## Import packages

In [3]:
from keras.layers import Dense

import pandas as pd
import matplotlib.pyplot as plt
from matplotlib.pyplot import text
from sklearn.metrics import mean_squared_error, r2_score
from sklearn.model_selection import train_test_split
from keras.models import Model
from keras.utils import np_utils
from keras.models import Sequential
from keras.layers.core import Dense,Activation,Flatten,Dropout
from keras.layers.normalization import BatchNormalization
import numpy as np
from keras.layers import Input, Conv1D, MaxPooling1D, Concatenate
from keras.optimizers import adam, SGD, rmsprop
from keras import backend as K
from keras.callbacks import ModelCheckpoint
from sklearn.preprocessing import MinMaxScaler
from sklearn.decomposition import PCA
from keras.models import model_from_json
from sklearn.feature_selection import SelectKBest
from sklearn.feature_selection import chi2
from sklearn.feature_selection import SelectFromModel
from sklearn.feature_selection import VarianceThreshold
from sklearn.ensemble import RandomForestClassifier
#from feature_selector import FeatureSelector
from sklearn.ensemble import RandomForestRegressor
from keras.wrappers.scikit_learn import KerasClassifier
from sklearn.model_selection import GridSearchCV
from keras.wrappers.scikit_learn import KerasRegressor

## Read data

In [4]:
#%%df = pd.read_csv('test.csv')
xls = pd.ExcelFile('CA_MO_combined.xlsx')
df1 = pd.read_excel(xls, 'CA_MO_combined_raw')
df2 = pd.read_excel(xls, 'CA_MO_combined_1nm')

dataset = df1.values
# split into input (X) and output (Y) variables, and training/test data
X = dataset[:, 1:202]
Y = dataset[:, 209]   # Gs 205; Fs 209;

## RFR-based feature selection

In [None]:
#%% Module-1: RFR-based Variable Importance selection
rf = RandomForestRegressor(n_estimators=1000) # Create a random forest regressor
rf.fit(X, Y) # Train the regressor
feature_importances = pd.DataFrame(rf.feature_importances_,index = X.columns,columns=['importance']).sort_values('importance',ascending=False) # show feature importance
accum_importance = np.cumsum(feature_importances)

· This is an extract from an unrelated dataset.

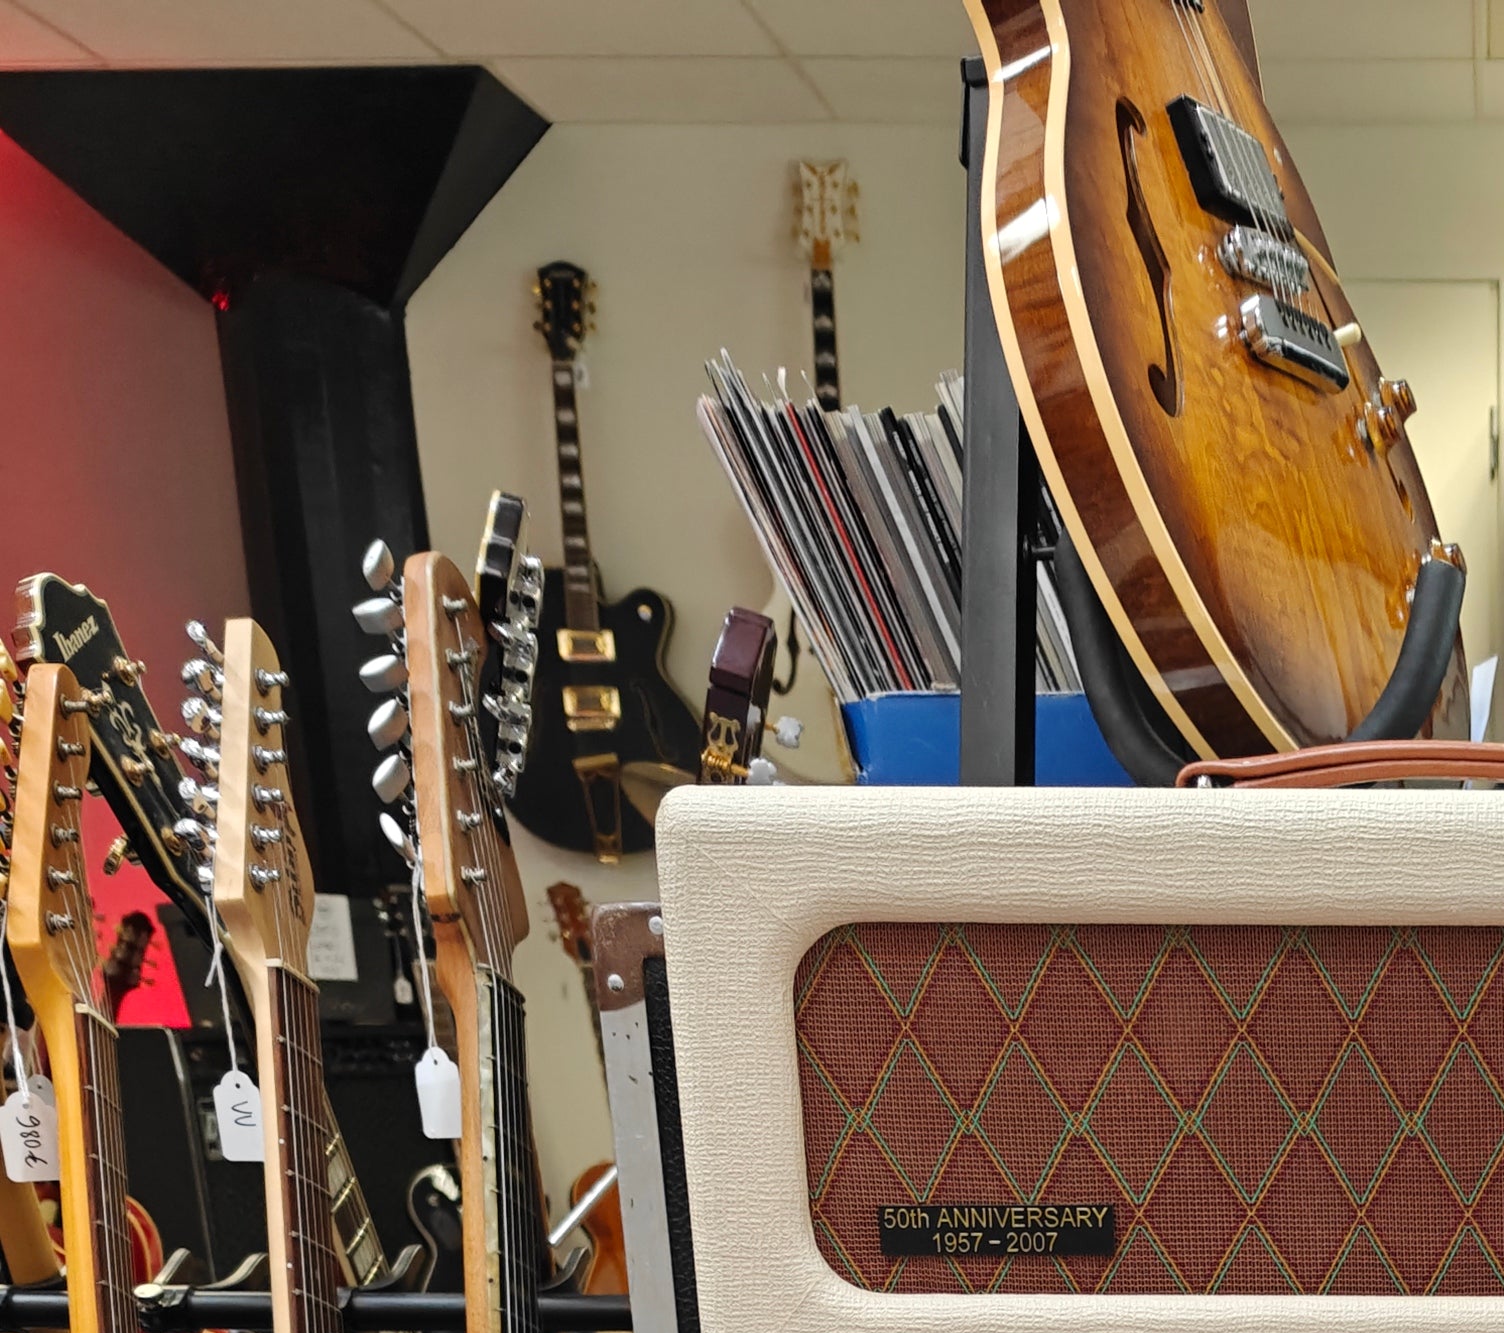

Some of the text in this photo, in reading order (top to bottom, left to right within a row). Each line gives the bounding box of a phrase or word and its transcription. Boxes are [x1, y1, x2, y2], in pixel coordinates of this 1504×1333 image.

idx = accum_importance[accum_importance['importance']<=0.99].index.tolist()[-1]
threshold = feature_importances.loc[idx]

sfm = SelectFromModel(rf, threshold=threshold) # Create a selector object that will use the random forest regressor to identify features that have an importance of more than the defined threshold
sfm.fit(X, Y) #Train the selector
X = sfm.transform(X) # Transform the data to create a new dataset containing only the most important features
X = pd.DataFrame(X) # Convert data format

## PCA-based feature selection

In [None]:
#%% Module-2: PCA-based feature selection
pca = PCA(0.95)
pca.fit(X)
X = pca.transform(X)
print(pca.n_components_)


## normalize and splite training/test data

In [5]:
#%% normalize data
scaler = MinMaxScaler(feature_range=(0, 1))
X = scaler.fit_transform(X)

X_train, X_test, Y_train, Y_test = train_test_split(X, Y, test_size=0.3, random_state = 0)

num_features = X_train.shape[1]

print (X_train.shape,Y_train.shape,Y_test.shape,X_test.shape, num_features)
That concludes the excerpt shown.